Differential expression of sulfur assimilation pathway genes in Acidithiobacillus ferrooxidans under Cd²⁺ stress: evidence from transcriptional, enzymatic, and metabolic profiles.

Acidithiobacillus ferrooxidans is a heavy metal-tolerant acidophilic chemolithotroph found in acidic mine effluent and is used commercially in the bioleaching of sulfide ores. In this work, we investigated the interplay between divalent cadmium (Cd(2+)) resistance and expression of genes involved in the sulfur assimilation pathway (SAP). We also investigated the response of the thiol-containing metal-chelating metabolites, cysteine and glutathione(GSH), to increasing Cd(2+) concentrations. During growth in the presence of 30 mM Cd(2+), the concentrations of mRNA for 5 genes in the SAP pathway increased more than fourfold: these encode ATP sulfurylase (ATPS), adenosine 5'-phosphosulfate (APS) reductase, sulfite reductase (SiR), serine acetyltransferase (SAT) and O-acetylserine (thiol) lyase (OAS-TL).

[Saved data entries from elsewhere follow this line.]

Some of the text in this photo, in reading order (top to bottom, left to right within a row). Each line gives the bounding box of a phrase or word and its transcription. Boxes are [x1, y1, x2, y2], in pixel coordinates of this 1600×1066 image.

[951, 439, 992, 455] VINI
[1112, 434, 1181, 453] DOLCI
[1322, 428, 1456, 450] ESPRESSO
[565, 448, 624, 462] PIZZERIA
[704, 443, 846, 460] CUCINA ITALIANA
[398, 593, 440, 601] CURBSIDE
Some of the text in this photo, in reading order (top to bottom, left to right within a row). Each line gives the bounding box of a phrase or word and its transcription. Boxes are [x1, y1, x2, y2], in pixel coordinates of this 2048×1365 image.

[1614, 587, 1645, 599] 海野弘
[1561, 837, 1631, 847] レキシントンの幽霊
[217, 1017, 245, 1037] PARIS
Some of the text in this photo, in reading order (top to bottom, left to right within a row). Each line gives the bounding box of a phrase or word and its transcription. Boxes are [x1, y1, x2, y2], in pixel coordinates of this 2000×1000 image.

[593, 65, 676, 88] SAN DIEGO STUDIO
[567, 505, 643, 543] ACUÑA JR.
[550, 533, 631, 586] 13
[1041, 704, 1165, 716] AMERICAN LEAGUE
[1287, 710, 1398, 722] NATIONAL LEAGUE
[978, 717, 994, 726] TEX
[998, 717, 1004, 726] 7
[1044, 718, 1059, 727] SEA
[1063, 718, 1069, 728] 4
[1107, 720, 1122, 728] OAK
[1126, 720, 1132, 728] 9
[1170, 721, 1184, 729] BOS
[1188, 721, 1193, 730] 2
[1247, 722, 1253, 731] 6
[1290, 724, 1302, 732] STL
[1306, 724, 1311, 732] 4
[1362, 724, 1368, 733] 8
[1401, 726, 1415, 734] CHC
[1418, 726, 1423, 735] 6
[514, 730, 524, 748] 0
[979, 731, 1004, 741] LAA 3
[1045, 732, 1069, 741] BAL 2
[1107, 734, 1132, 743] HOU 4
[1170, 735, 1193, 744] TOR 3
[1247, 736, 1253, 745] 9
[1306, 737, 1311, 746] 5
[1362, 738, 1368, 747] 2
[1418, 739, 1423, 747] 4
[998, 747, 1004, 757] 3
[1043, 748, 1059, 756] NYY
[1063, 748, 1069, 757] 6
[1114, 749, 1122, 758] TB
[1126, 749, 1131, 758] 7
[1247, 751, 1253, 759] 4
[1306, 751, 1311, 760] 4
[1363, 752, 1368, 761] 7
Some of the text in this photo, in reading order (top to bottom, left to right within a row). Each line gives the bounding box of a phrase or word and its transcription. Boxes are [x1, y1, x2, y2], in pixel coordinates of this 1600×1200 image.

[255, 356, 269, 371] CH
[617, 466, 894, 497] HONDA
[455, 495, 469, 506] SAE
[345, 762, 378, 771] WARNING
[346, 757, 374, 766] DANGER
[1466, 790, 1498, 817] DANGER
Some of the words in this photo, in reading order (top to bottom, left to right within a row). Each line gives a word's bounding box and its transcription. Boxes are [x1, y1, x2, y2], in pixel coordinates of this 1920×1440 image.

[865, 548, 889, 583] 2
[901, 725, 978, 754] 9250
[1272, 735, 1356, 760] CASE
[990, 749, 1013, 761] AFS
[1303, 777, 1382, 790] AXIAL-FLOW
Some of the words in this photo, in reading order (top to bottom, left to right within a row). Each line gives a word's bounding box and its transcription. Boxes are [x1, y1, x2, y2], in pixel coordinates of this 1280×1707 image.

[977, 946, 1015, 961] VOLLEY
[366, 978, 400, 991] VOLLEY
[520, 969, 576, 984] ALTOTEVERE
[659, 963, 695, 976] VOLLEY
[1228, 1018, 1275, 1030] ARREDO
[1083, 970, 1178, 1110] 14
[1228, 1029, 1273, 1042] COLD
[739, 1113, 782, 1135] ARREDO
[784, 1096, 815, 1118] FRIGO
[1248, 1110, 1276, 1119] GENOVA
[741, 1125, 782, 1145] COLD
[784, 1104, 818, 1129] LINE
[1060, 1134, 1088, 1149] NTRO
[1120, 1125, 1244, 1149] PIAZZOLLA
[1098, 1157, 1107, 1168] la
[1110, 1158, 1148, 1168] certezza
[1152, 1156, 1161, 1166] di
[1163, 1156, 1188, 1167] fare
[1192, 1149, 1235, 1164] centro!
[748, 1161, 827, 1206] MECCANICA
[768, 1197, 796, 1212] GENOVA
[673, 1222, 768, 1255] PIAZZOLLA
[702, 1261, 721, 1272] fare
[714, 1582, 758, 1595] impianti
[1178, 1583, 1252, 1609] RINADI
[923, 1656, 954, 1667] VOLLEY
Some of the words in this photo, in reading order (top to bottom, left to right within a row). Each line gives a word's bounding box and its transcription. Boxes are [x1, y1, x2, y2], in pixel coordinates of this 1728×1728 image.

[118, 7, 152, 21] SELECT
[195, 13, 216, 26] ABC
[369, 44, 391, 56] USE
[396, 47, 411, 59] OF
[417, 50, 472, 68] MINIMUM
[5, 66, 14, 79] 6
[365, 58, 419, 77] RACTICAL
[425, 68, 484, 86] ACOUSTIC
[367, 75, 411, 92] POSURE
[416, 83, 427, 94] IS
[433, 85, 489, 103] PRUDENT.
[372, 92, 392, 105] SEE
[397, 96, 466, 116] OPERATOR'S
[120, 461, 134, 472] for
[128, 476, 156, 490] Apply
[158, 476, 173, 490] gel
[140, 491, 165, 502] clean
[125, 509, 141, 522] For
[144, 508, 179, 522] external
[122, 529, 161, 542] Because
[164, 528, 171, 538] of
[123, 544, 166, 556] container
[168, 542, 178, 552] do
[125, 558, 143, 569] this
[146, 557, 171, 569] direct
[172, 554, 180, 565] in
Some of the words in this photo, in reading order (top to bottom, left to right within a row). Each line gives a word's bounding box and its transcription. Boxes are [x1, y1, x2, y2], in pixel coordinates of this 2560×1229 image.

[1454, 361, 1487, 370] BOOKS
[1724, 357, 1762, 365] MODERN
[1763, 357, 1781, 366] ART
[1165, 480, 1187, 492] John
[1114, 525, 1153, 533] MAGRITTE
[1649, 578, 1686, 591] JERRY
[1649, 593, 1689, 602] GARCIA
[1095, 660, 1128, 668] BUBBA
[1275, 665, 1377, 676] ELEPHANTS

Increased transcription was also reflected in increased enzyme activities: those of SAT and adenosylphosphosulfate reductase (APR) reached a peak of 26- and 15.8-fold, respectively, compared to the control culture in the presence of 15 mM Cd(2+). In contrast, the activity of OAS-TL, which is responsible for the biosynthesis of cysteine, was diminished. At the metabolite level, the intracellular cysteine and GSH contents nearly doubled. These results suggested that Cd(2+) induced transcription of SAP genes, while directly inhibiting the activities of some enzymes (e.g., OAS-TL). Overall, these results are consistent with a detoxification/resistance mechanism involving enhanced sulfur uptake and sequestration of Cd(2+) by cysteine and glutathione.